Spoons come in all shapes and sizes. When a closet maulvi like Gen Ziaul Haq comes to power, the clergy, stepping boldly forward, assume the role of his leading spoons, hailing him as a true servant of Islam and in return being rewarded with privileges for being able to see the light and make out the difference between truth and falsehood. We are still living with the consequences of that unholy alliance.

When a ‘liberal’ like Gen Musharraf comes to power, through the same back entrance Zia used, the national liberati, the English-speaking chattering classes (including such latter-day revisionists as Khan Roedad Khan) are aflutter, ecstatic that one of their own has finally arrived. This love affair is no longer hot but it is not completely over, the English-speaking chattering classes still thinking Musharraf to be better than any of the alternatives.

To give but one instance of the kind of spoon-craft we Pakistanis are capable of, at a meeting of journalists, or ‘senior journalists’ as we say here, with Musharraf (this was many moons ago), my own sinful ears heard a female journalist, comely no doubt, say that whatever else might be said, there was no denying the president’s charisma and personality. If memory serves, she went on to say that this was an asset on which we should build. How do you beat this?

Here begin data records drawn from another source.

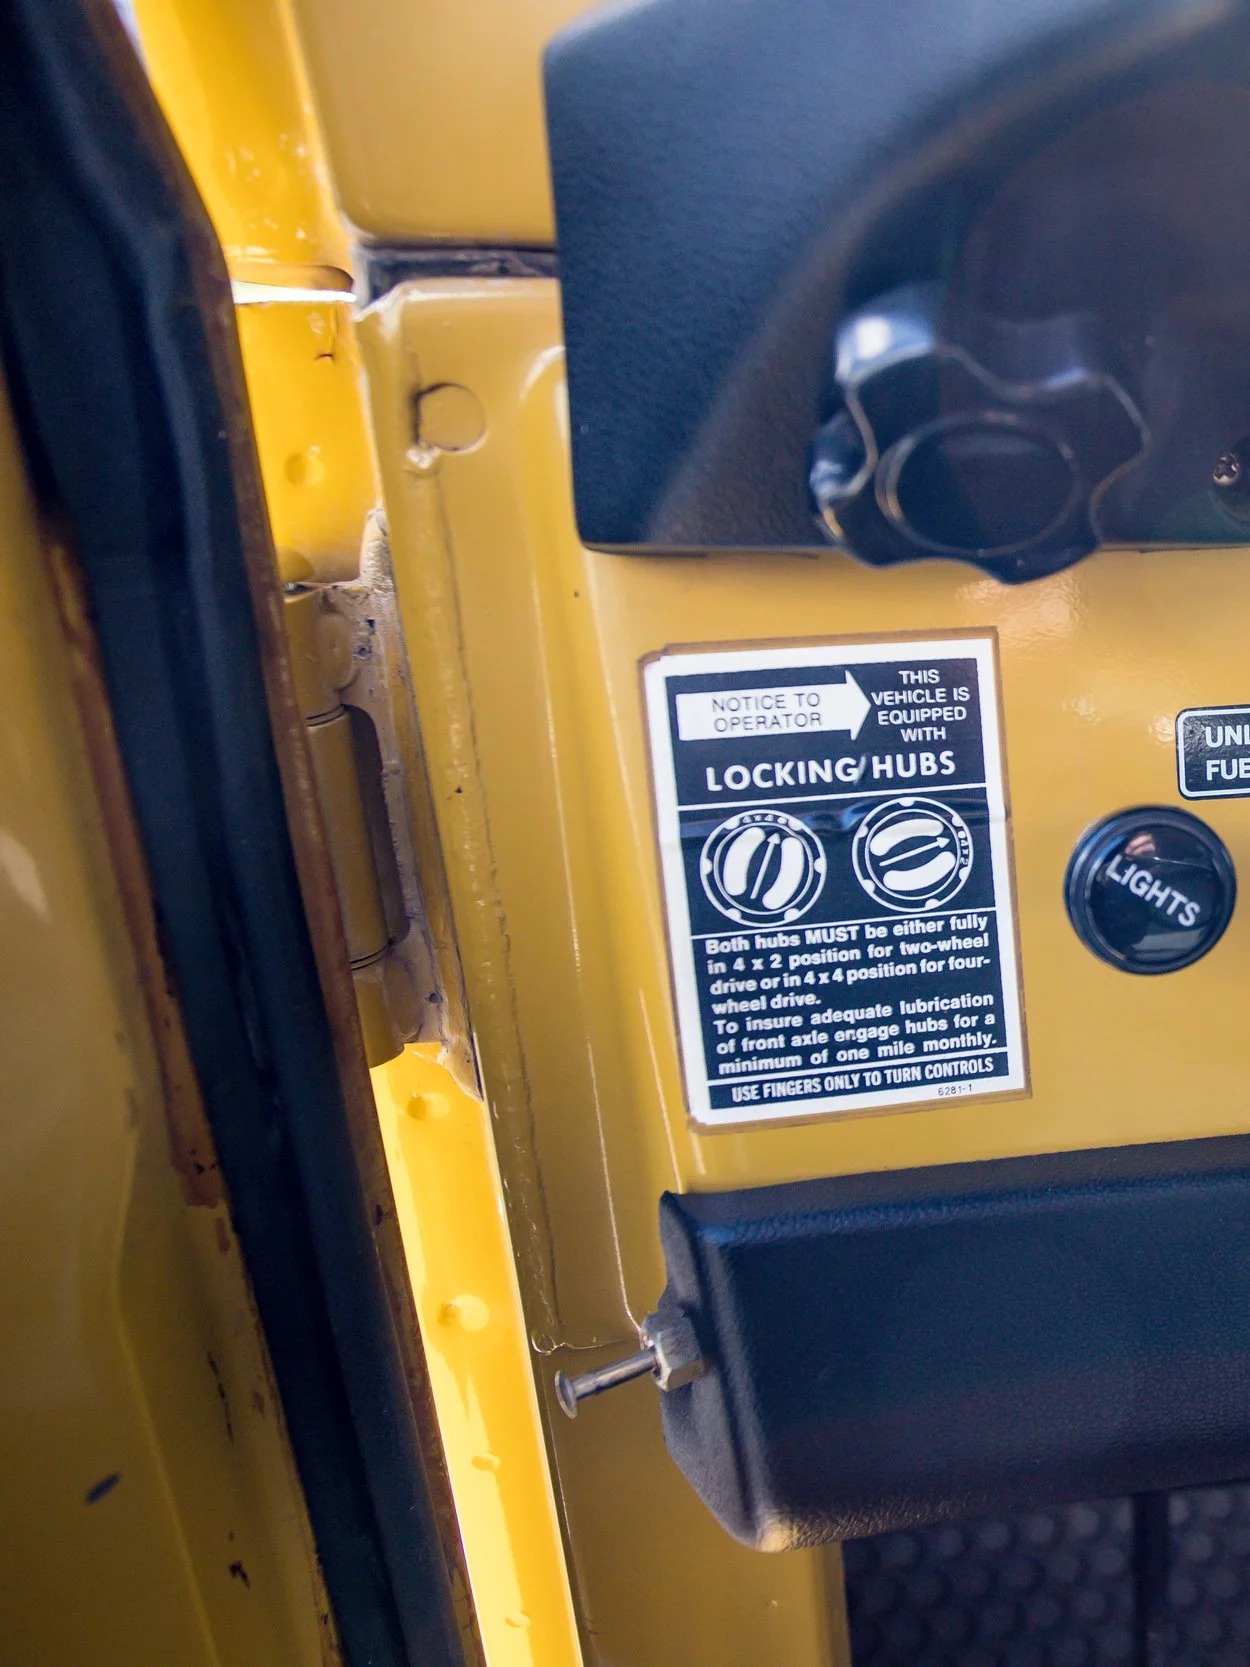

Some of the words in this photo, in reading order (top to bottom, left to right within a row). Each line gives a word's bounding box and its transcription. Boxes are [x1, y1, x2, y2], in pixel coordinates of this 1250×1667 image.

[871, 689, 947, 706] VEHICLE
[953, 687, 970, 702] IS
[899, 669, 940, 684] THIS
[712, 694, 786, 713] NOTICE
[797, 692, 821, 708] TO
[714, 712, 822, 733] OPERATOR
[878, 706, 967, 725] EQUIPPED
[901, 727, 946, 742] WITH
[706, 756, 857, 792] LOCKING
[872, 750, 956, 779] HUBS
[1106, 854, 1200, 927] LIGHTS
[705, 936, 750, 954] Both
[755, 933, 800, 949] hubs
[805, 926, 860, 945] MUST
[865, 924, 888, 939] be
[893, 919, 945, 936] either
[950, 914, 988, 931] fully
[707, 960, 726, 974] in
[733, 957, 746, 972] 4
[769, 953, 783, 969] 2
[788, 947, 861, 970] position
[867, 944, 893, 958] for
[899, 933, 989, 956] two-wheel
[709, 978, 757, 995] drive
[760, 977, 781, 990] or
[783, 973, 801, 988] in
[846, 962, 917, 985] position
[920, 958, 946, 973] for
[948, 955, 991, 971] four-
[711, 995, 767, 1015] wheel
[770, 992, 821, 1009] drive.
[713, 1019, 739, 1035] To
[745, 1015, 803, 1031] insure
[810, 1003, 893, 1025] adequate
[900, 993, 994, 1015] lubrication
[716, 1038, 736, 1055] of
[741, 1034, 786, 1052] front
[791, 1030, 829, 1047] axle
[834, 1024, 900, 1043] engage
[905, 1017, 948, 1034] hubs
[953, 1013, 979, 1029] for
[984, 1013, 995, 1026] a
[718, 1054, 802, 1075] minimum
[810, 1049, 829, 1065] of
[836, 1047, 870, 1062] one
[877, 1040, 915, 1058] mile
[923, 1031, 997, 1052] monthly.
[731, 1085, 761, 1103] USE
[763, 1077, 822, 1099] FINGERS
[824, 1073, 861, 1092] ONLY
[863, 1071, 882, 1087] TO
[884, 1066, 922, 1084] TURN
[925, 1056, 994, 1080] CONTROLS

Some journalists even go on to write, or help write, the saviour’s memoirs. How in the name of all that is sacred do you beat that?

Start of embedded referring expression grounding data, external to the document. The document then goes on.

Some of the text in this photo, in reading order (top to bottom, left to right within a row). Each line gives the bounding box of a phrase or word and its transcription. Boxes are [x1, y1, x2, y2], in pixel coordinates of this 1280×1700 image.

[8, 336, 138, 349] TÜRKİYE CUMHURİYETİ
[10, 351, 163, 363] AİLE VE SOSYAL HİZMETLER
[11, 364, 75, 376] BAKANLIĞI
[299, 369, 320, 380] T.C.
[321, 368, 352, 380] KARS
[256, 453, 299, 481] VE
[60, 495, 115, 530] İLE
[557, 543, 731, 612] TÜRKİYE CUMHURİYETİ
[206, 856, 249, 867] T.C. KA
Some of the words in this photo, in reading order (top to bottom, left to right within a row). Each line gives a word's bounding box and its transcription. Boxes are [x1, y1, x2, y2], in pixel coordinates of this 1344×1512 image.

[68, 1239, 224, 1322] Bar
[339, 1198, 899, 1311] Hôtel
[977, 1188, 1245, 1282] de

Shaukat Aziz’s jumbo size cabinet, its precise number baffling the best attempts at mathematical computation, is adorned with some heavyweight spoons who can be trusted to read and interpret the Constitution, or any other law for that matter, according to Musharraf’s needs and convenience.

He can do what he likes, raise any kind of obstacles to suit himself and hamper the opposition, and Muhammad Ali Durrani, Sher Afgan Niazi, Wasi Zafar, Neelofar Bakhtiar, Tariq Azim, Lt Gen (rtd) Javed Ashraf Qazi, Sumaira Malik, to name only a few amongst that vast crowd, can be counted on to raise their right hands and, quoting chapter and verse, proclaim that it is all strictly in accordance with the Constitution. Nay, that it is vital for the national interest.

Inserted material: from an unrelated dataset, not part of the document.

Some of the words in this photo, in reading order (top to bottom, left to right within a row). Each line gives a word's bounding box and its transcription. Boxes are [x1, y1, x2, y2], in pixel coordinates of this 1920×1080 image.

Shaukat himself is no mean practitioner of this art. It is not easy being a marionette in this kind of set-up, the president calling all the shots and all roads leading to Army House. But hand it to Shaukat for remaining unfazed, saying the right things all the time and, this being his greatest strength, never stepping out of line.

He’s come a long way, arriving from nowhere and after being interviewed at GHQ, becoming finance minister. Then biding his time, working the shadows and when everyone, including a few close to Musharraf, thought the prime minister after Zafarullah Jamali was to be someone else, quietly slipping into the slot and carrying the prize away.

Nor is this all for given his almost transparent ambition it wouldn’t be farfetched to suppose that he thinks his best days are still ahead. But this is dangerous stuff. Let Macbeth dream his own dreams.

Not to be underestimated also is the redoubtable Punjab chief minister, Chaudhry Pervaiz Ellahi, who on a recent visit to Chakwal (where else?) said that Musharraf would be elected president in uniform over and over again and indeed to do so was in the highest national interest as Musharraf was now a symbol of the nation and of its new-found strength and prosperity. Not easy to beat this.

The holy fathers of the Muttahida Majlis-i-Amal have added a whole new dimension to the finer aspects of the cutlery trade. They don’t say anything in Musharraf’s favour. Indeed, to hear them speak is to get an impression of the fire and brimstone of which the scriptures speak. But in terms of how their hypocrisy and actions have come to the regime’s assistance, they have emerged as amongst the biggest and the most effective spoons on the national horizon.

So the winner, the competition is too intense and it lies not in mortal power to choose the one spoon in Pakistani politics outshining all others in 2006. For this a higher jury will have to be called.